Problem statement:
Begin with the line containing "this 2353×1568 image." and copy every line after it to the end of the entries, exactly, leaving out the lines before it.

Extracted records
Content starts

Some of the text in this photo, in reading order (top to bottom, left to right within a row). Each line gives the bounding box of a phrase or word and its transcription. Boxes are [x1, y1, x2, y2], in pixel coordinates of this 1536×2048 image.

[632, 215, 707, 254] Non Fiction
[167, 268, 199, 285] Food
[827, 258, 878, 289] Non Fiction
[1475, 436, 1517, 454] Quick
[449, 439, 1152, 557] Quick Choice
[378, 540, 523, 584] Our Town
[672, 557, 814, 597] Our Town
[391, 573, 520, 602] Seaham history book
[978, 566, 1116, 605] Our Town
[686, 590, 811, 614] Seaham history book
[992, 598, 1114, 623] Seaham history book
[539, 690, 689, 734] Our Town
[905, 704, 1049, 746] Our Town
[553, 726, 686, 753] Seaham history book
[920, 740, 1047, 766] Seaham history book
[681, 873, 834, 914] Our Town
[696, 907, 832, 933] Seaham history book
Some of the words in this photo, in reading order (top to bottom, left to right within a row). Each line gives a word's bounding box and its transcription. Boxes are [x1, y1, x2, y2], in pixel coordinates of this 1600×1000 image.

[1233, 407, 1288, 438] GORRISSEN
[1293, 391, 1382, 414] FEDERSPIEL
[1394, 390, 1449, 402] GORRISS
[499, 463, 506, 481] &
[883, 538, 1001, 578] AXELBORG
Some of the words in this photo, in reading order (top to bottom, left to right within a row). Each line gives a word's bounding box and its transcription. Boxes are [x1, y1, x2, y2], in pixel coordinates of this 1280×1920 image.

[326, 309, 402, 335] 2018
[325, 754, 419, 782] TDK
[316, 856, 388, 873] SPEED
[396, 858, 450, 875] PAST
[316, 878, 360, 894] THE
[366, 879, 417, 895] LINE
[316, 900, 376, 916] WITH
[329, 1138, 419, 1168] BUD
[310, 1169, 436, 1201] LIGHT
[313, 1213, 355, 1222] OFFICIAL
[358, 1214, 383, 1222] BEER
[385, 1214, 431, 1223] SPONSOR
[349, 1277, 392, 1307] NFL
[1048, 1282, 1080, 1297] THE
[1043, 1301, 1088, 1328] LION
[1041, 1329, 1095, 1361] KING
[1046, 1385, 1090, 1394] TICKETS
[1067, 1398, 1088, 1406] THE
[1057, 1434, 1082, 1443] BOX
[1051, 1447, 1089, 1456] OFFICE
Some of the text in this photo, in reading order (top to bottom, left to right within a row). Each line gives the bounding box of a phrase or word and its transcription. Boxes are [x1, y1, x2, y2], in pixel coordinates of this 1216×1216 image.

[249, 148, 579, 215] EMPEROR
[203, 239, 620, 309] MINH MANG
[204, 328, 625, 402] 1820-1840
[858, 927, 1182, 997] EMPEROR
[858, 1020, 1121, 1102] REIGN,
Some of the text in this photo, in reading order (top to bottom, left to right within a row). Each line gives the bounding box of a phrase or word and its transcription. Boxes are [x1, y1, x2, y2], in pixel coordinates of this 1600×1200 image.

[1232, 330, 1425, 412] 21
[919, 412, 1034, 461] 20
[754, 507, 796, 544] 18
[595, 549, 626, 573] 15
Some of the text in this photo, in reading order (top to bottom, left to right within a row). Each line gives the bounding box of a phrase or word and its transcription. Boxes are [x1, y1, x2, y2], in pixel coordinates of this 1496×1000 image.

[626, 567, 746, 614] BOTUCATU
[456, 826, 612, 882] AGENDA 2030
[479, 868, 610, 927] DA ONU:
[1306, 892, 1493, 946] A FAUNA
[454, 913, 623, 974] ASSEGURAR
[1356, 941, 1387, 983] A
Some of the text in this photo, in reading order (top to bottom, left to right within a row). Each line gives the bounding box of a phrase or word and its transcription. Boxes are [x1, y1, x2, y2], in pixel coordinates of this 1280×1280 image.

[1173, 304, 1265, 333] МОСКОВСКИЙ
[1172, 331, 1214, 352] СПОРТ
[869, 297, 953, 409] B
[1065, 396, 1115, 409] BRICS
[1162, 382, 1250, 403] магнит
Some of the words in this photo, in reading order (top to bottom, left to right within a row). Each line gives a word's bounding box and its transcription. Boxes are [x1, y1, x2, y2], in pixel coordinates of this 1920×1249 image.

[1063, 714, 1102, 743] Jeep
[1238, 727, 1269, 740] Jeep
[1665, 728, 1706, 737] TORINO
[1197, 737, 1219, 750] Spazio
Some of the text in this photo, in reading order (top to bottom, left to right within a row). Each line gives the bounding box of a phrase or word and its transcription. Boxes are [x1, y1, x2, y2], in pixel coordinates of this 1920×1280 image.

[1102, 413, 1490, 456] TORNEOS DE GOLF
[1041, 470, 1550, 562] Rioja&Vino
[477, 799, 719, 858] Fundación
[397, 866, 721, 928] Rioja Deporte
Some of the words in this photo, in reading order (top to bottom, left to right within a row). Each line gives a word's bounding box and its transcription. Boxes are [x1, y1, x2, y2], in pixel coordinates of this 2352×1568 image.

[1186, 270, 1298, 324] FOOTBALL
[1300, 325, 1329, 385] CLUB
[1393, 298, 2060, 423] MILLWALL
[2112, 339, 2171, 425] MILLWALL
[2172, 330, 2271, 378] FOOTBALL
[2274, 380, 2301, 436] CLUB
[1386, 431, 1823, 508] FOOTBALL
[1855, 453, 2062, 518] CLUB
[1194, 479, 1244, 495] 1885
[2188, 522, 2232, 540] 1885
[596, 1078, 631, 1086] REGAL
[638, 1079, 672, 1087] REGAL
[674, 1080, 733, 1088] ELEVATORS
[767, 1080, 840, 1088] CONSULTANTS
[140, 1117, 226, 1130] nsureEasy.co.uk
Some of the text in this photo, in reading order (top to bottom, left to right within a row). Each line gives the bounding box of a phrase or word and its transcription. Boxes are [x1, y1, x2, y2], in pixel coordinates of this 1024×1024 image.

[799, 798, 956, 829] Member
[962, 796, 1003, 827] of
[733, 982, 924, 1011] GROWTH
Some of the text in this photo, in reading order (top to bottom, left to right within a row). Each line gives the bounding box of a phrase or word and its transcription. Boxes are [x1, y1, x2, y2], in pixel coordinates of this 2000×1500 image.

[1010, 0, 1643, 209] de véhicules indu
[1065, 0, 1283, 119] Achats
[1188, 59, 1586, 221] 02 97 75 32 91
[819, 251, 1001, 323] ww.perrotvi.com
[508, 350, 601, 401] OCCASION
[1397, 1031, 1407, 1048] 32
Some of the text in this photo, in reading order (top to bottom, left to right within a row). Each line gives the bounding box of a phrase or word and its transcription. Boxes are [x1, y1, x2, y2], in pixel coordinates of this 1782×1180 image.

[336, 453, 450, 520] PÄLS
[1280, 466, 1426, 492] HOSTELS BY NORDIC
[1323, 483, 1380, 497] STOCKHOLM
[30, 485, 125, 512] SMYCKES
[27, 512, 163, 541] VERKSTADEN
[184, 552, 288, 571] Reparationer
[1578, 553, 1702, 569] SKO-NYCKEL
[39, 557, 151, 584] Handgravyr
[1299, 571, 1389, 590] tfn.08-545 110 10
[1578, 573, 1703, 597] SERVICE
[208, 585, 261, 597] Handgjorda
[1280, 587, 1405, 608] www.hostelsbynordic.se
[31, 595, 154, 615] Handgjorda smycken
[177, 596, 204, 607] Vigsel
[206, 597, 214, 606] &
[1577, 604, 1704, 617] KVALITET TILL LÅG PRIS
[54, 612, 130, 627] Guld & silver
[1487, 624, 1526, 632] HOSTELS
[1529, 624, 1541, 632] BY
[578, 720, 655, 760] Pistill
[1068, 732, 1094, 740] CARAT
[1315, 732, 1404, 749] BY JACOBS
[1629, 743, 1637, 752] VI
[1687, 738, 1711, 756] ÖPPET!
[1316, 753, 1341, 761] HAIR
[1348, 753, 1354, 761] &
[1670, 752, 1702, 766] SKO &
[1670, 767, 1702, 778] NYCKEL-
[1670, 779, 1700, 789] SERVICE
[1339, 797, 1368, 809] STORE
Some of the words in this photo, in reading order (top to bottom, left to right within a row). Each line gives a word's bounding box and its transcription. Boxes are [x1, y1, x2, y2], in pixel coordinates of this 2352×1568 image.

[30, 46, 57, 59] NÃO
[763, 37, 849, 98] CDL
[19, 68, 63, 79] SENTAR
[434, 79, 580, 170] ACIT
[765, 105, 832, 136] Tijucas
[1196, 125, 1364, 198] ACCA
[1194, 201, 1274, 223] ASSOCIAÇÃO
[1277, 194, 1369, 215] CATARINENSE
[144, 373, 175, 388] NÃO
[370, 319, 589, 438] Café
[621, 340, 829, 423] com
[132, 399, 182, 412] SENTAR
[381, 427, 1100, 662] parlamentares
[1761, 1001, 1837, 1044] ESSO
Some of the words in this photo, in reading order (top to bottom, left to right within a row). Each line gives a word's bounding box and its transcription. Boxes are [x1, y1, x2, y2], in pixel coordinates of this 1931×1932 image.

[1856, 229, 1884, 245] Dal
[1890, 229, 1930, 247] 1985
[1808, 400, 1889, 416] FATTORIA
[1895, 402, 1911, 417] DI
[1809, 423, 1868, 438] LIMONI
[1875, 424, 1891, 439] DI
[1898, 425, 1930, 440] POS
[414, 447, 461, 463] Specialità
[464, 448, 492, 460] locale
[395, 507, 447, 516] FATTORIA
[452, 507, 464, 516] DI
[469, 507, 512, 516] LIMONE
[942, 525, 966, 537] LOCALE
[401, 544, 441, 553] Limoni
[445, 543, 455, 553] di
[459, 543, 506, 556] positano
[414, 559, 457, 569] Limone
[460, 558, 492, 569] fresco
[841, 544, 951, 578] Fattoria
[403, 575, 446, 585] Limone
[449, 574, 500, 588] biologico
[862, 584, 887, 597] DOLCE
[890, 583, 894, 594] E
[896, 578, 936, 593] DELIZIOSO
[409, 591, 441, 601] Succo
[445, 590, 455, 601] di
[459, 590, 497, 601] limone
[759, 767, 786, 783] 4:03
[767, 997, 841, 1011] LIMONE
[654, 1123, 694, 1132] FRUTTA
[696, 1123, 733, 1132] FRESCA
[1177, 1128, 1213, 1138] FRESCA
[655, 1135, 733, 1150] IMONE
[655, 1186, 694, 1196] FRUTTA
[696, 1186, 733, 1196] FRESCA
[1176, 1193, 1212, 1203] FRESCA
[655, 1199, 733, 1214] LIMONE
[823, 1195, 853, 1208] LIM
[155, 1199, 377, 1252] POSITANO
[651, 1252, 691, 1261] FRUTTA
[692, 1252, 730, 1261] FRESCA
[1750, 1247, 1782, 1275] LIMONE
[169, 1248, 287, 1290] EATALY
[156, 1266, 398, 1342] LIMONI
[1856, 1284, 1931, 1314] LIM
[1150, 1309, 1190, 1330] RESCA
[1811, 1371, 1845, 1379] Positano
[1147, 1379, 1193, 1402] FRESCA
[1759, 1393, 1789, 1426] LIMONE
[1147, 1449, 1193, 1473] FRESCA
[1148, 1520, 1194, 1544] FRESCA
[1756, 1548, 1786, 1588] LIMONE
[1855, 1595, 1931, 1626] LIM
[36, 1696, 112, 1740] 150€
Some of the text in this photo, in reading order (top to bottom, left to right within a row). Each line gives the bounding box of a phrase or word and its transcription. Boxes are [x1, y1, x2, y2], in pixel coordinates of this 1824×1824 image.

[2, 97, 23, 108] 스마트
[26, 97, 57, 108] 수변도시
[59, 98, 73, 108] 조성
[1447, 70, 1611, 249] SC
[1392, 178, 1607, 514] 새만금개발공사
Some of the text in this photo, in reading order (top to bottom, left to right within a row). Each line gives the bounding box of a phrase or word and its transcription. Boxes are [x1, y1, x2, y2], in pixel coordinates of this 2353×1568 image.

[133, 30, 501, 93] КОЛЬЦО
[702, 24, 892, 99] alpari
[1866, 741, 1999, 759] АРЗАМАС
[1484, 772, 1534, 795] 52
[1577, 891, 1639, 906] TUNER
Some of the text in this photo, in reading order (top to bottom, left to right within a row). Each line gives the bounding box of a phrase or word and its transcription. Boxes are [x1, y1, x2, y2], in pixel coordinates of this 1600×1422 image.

Content ends

Expected output:
Some of the text in this photo, in reading order (top to bottom, left to right within a row). Each line gives the bounding box of a phrase or word and its transcription. Boxes are [x1, y1, x2, y2], in pixel coordinates of this 2353×1568 image.

[133, 30, 501, 93] КОЛЬЦО
[702, 24, 892, 99] alpari
[1866, 741, 1999, 759] АРЗАМАС
[1484, 772, 1534, 795] 52
[1577, 891, 1639, 906] TUNER
Some of the text in this photo, in reading order (top to bottom, left to right within a row). Each line gives the bounding box of a phrase or word and its transcription. Boxes are [x1, y1, x2, y2], in pixel coordinates of this 1600×1422 image.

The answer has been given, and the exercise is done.